On Friday, March 27, Newsom pardoned five people and commuted the sentences of 21 state prison inmates. These clemency requests were already filled before the COVID-19 outbreak, Newsom said, but were pushed through due to the crisis.
Newsom also announced on “The Daily Show” with Trevor Noah that his office is looking at inmates who will be paroled in the next 30, 60 or 90 days and pushing forward those paroles to reduce prison populations.
Despite these actions, his office has said they reject the idea of reducing mass numbers of prisoners, particularly violent prisoners, due to the virus.
Alison Hardy with the Prison Law Office said that mass releases may be the only way to keep inmates and correctional staff members safe.

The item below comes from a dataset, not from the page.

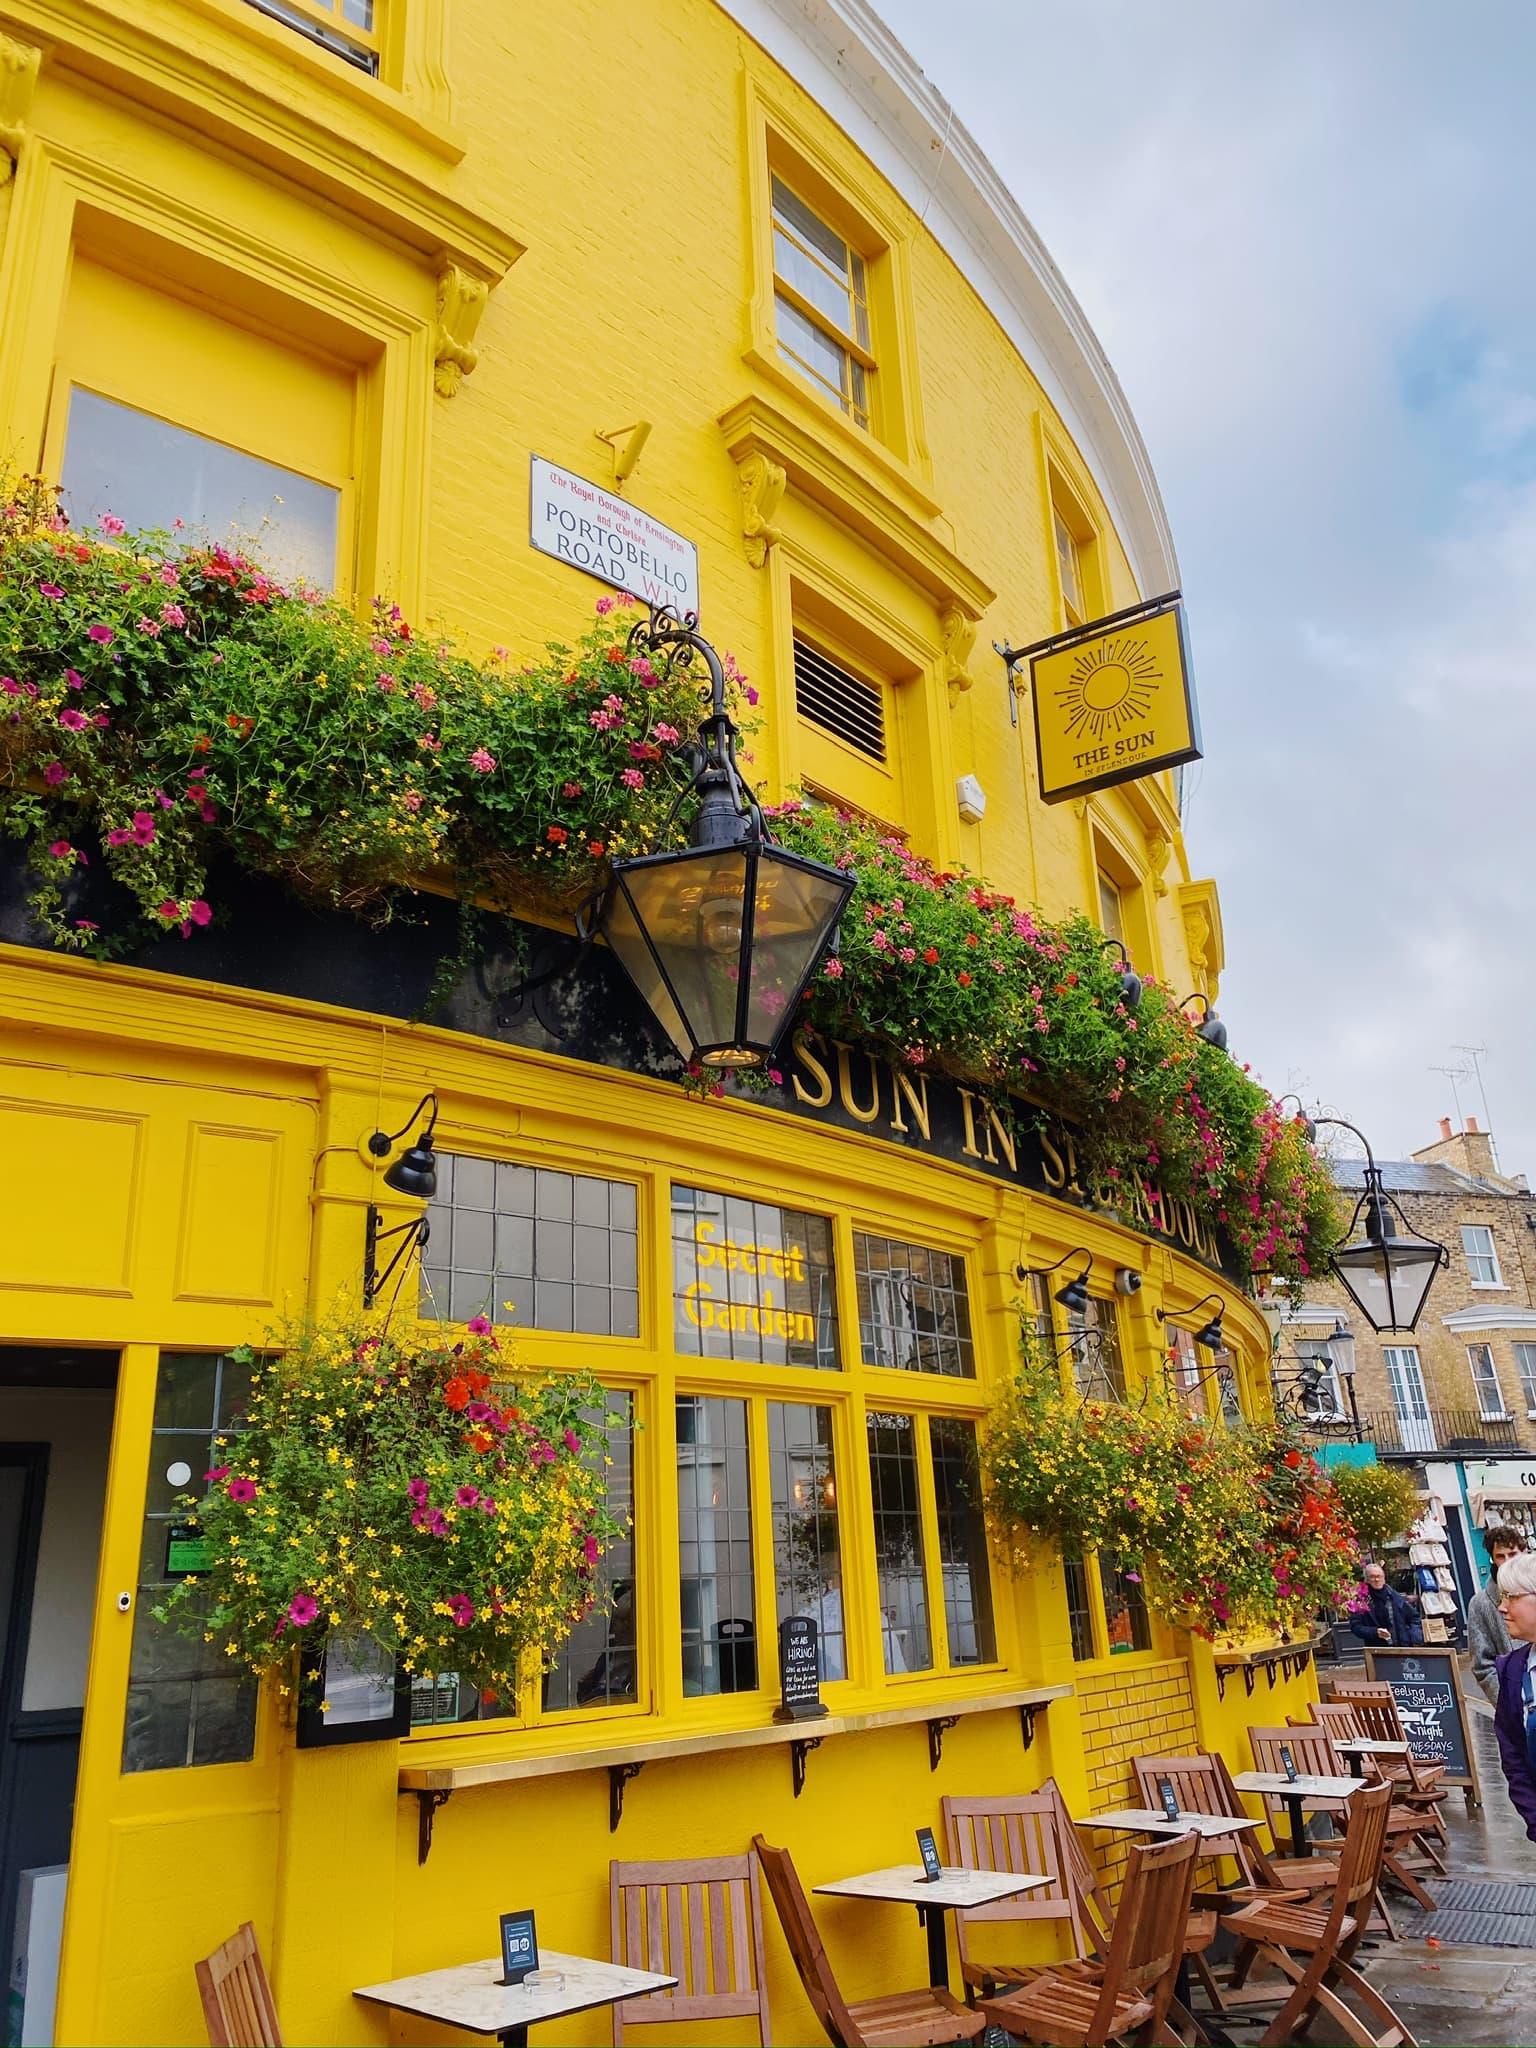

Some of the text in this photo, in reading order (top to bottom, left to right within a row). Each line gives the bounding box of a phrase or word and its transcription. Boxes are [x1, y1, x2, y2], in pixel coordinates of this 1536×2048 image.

“Everyone knows the governor and the president have urged everyone to social distance,” Hardy said. “The problem is that the state is running facilities where there are 47,000 people living in very close congregate situations where social distancing is simply impossible.”
Hardy participated in a press conference on Tuesday morning, March 31, with several other inmate rights activists. She showed photographs of the current living quarters in Chino State Prison.
“We were recently at this facility,” she said. “We measured the beds. They are 38 to 46 inches apart. They can reach out and touch the person in the next bed.”
Hardy said it would be completely impossible for inmates to follow the state and federal social distancing guidelines and current conditions are unhealthy and unsafe.
She is currently working with a law office in Sacramento to file an emergency order that calls for the immediate reduction of the state prison populations.
“We are lead counsel in two statewide class actions, Plata vs. Newsom and Coleman vs. Newsom, to seek a reduction in the population of the California prisons in response to the COVID-19 pandemic,” attorney Michael Bien said.
“Evidence from doctors and correctional experts showing how dangerous the current conditions are and how impossible it is for the men and women working in California prisons to stay safe during COVID-19.”
Bien said the class-action lawsuits request the release of prisoners to reduce prison populations and the release of medically vulnerable prisoners.
His office filled emergency motions on both of these cases, which will be heard by a judge on Thursday, April 2.
“We have many people who are aged, in cancer treatment, have diabetes, have a heart condition,” Bein said. “We have people who are in hospice care. These particular people will likely require hospitalization if they contract COVID-19.”
Despite these concerns Newsom said in a press conference last week that he will not be releasing violent criminals.
“I have no interest, and I want to make this crystal clear, in releasing violent criminals from our system, and I won’t use a crisis as an excuse to create another crisis,” Newsom said in a press conference. “That’s not the way we will go about this. We will do it in a very deliberative way.”
Piper Kerman, author of “Orange is the New Black: My Year in A Women’s Prison,” and an activist for inmate rights, said in a press release that the nature of an offense should not be a factor when discussing the release of elderly or ill inmates.
“I think that that is a dangerous way of looking at what is already a dangerous situation,” she said. “I’ve served time with people who have had more serious convictions than my own. Those folks are not more dangerous when they fall into that category of elderly or ill.”
Kerman said elderly prisoners are in the most danger and their presence in California prisons makes those prisons more likely to be petri dishes for the spread of the virus.
“The release of some of the elderly prisoners is something we must do to save lives,” she said. “This is when we can see the difference between politicians and leaders. I urge leaders to do what they must to save lives.”